Timothy John Mitchison is a cell biologist and systems biologist and Hasib Sabbagh Professor of Systems Biology at Harvard Medical School in the United States. He is known for his discovery, with Marc Kirschner, of dynamic instability in microtubules, for studies of the mechanism of cell division, and for contributions to chemical biology.

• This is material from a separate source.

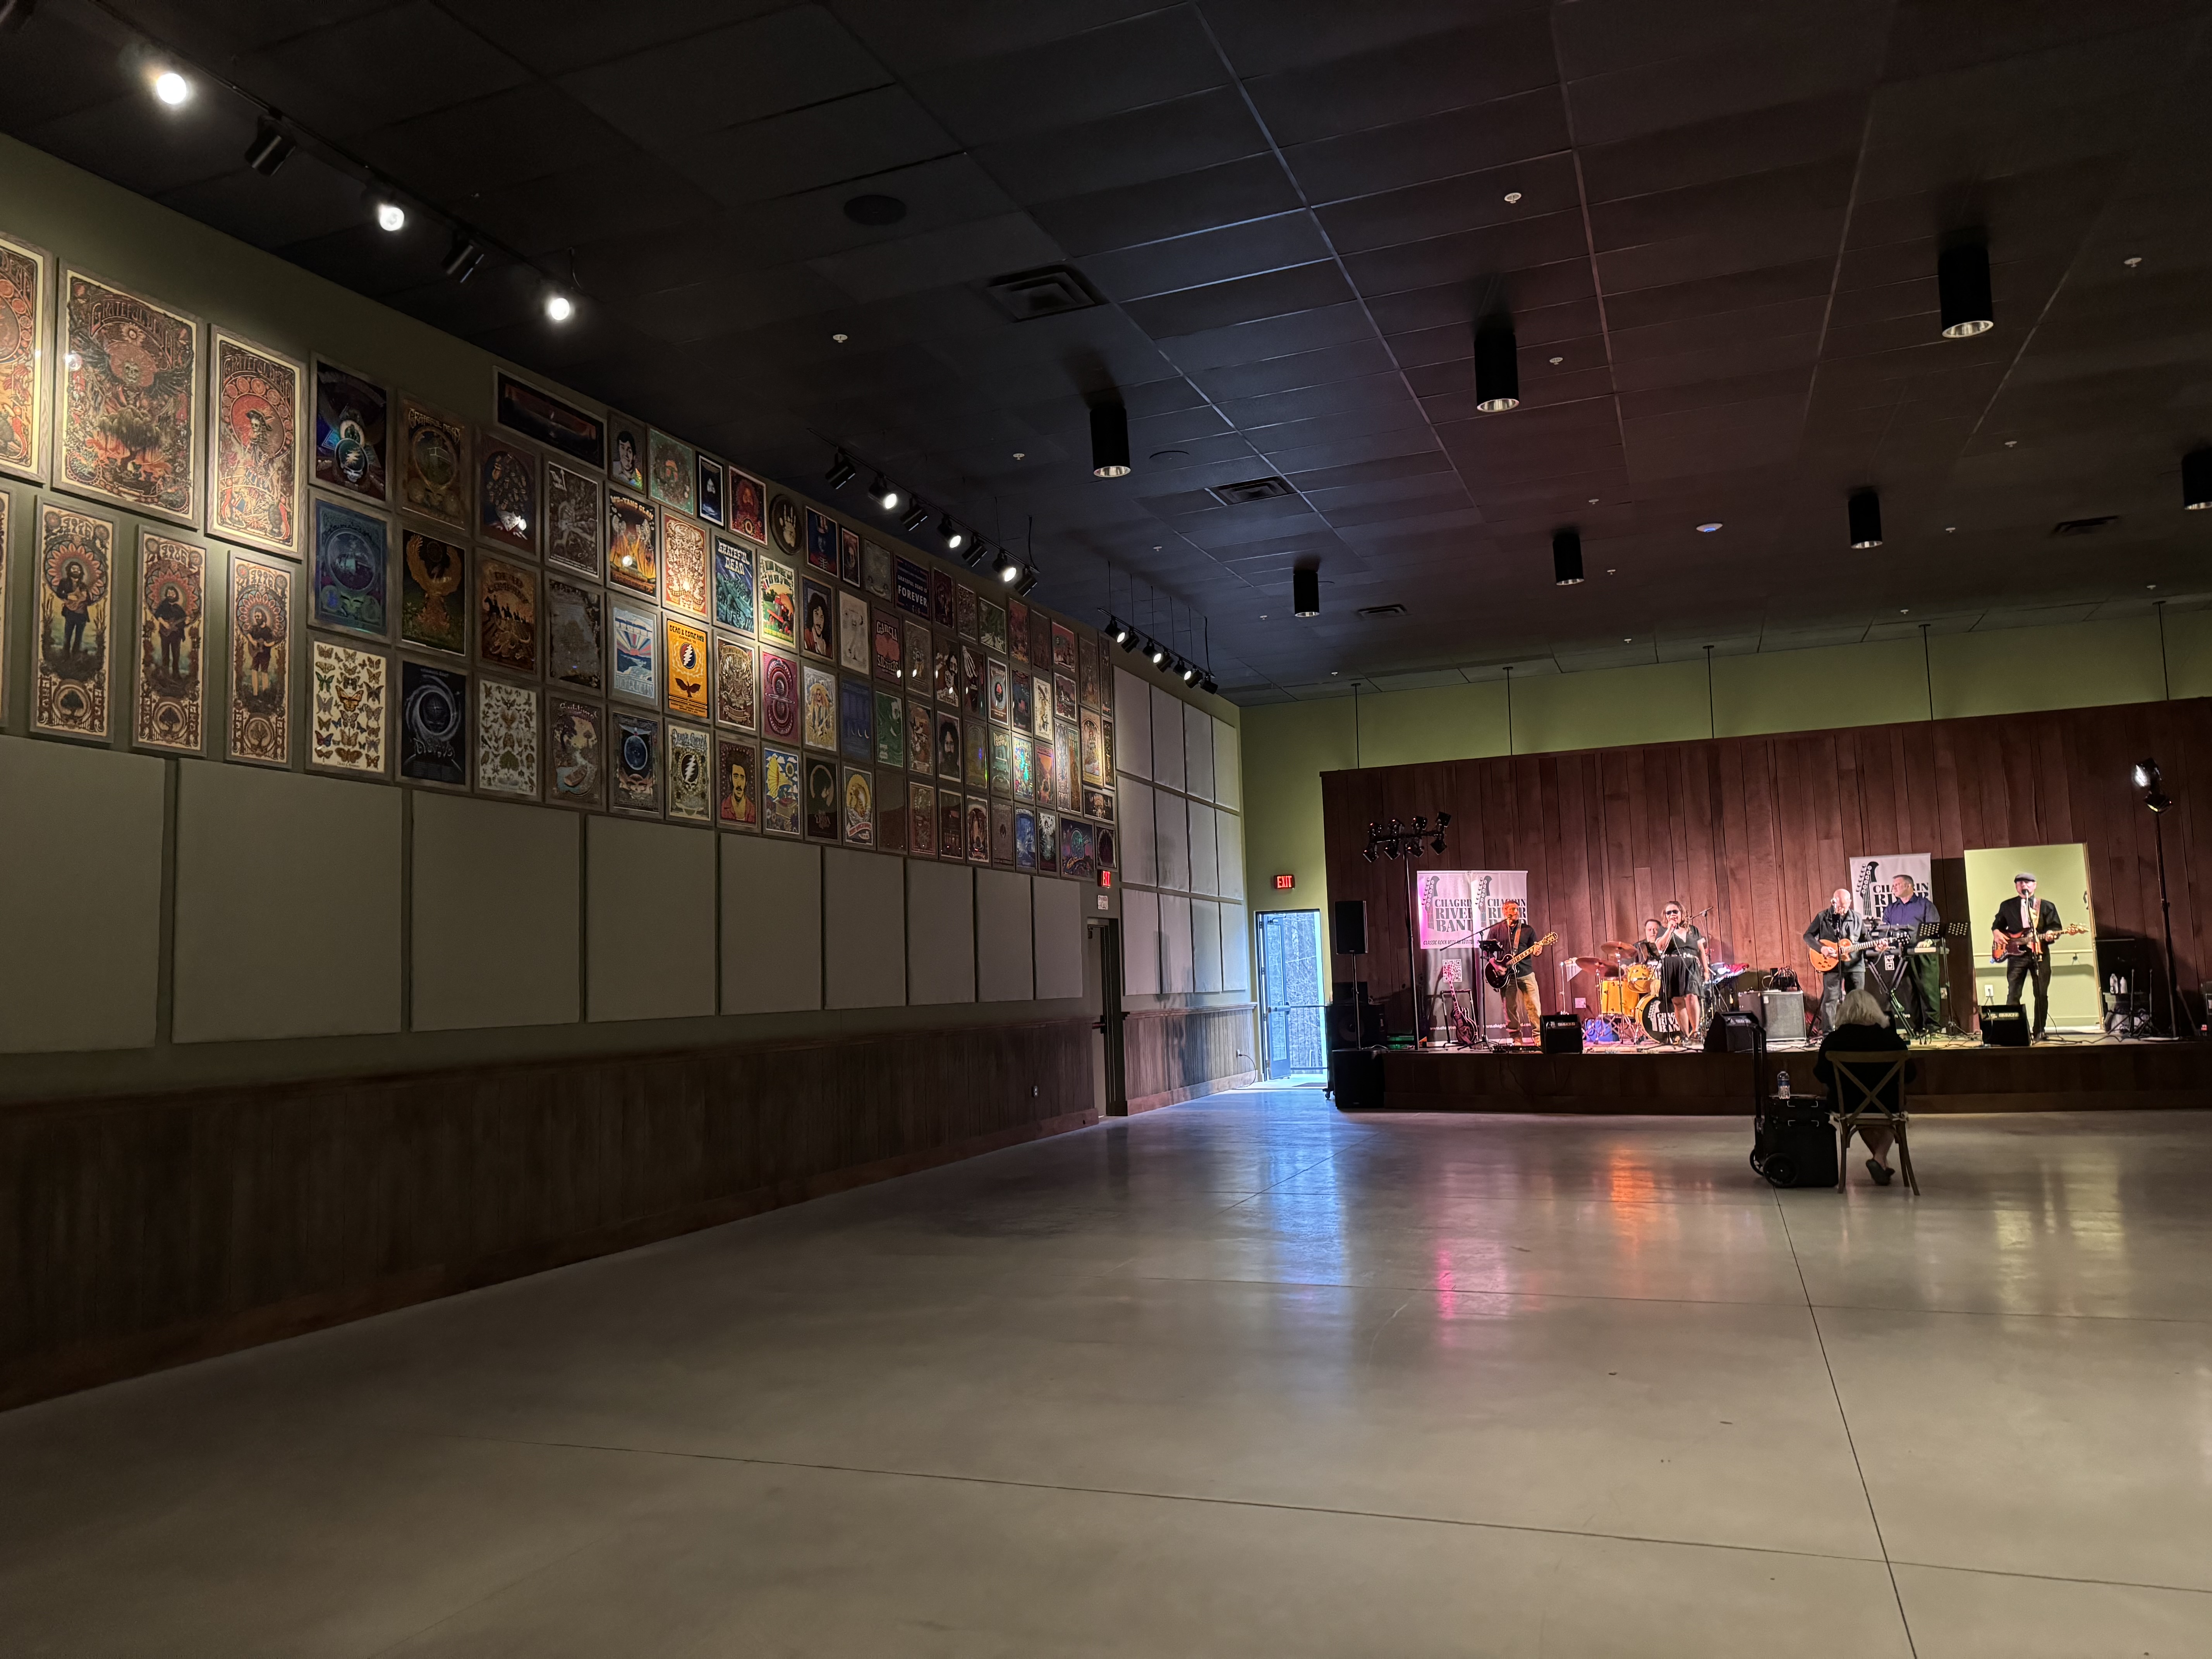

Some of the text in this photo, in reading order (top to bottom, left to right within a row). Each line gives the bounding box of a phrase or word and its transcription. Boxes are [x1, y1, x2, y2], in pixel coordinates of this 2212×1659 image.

== Education and early life ==
Mitchison was educated at Haberdashers' Aske's Boys' School and completed his Bachelor of Arts degree in Biochemistry at the University of Oxford where he was an undergraduate student of Merton College, Oxford, from 1976 to 1979. He moved to the University of California, San Francisco (UCSF) in 1979 for his PhD which was supervised by Marc Kirschner and investigated the dynamic instability of microtubules.

==Career and research==
Mitchison returned to the UK for postdoctoral research at the National Institute for Medical Research (NIMR) in London. In 1988 he returned to San Francisco where he was appointed assistant professor at UCSF. In 1994 he wrote an opinion piece for the journal Chemistry & Biology titled "Towards a pharmacological genetics" which helped to launch the field of chemical genetics. In 1997 he moved to Harvard University to become co-director of the Institute for Chemistry and Cell Biology at Harvard Medical School, where he pioneered phenotype-based screening, discovering the small molecule monastrol – the first small-molecule inhibitor of mitosis that does not target tubulin. Monastrol was shown to inhibit kinesin-5, a motor protein. In 2003 he became Deputy Chair of the newly formed Department of Systems Biology, chaired by Marc Kirschner. He works on aspects of mesoscale biology including the self-organization of the cytoskeleton and of cytoplasm. He collaborates extensively with Christine Field on the mechanism of cytokinesis.

===Awards and honors===
Mitchison was elected Fellow of the Royal Society (FRS) in 1997 for "substantial contributions to the improvement of natural knowledge" and served as president of the American Society for Cell Biology (ASCB) in 2010. He was elected a member of the National Academy of Sciences of the United States in 2014 and delivered the Keith R. Porter Lecture in 2013.

==Personal life==
Mitchison is married to scientist Christine M. Field with whom he has two children. Mitchison comes from a family of distinguished biologists; his father is Avrion Mitchison, his uncles are Denis Mitchison and Murdoch Mitchison, his great uncle was J.B.S. Haldane and his great-grandfather John Scott Haldane. His grandparents were the politician Dick Mitchison and the writer Naomi Mitchison (née Haldane). His younger sister Hannah M. Mitchison is also a biologist.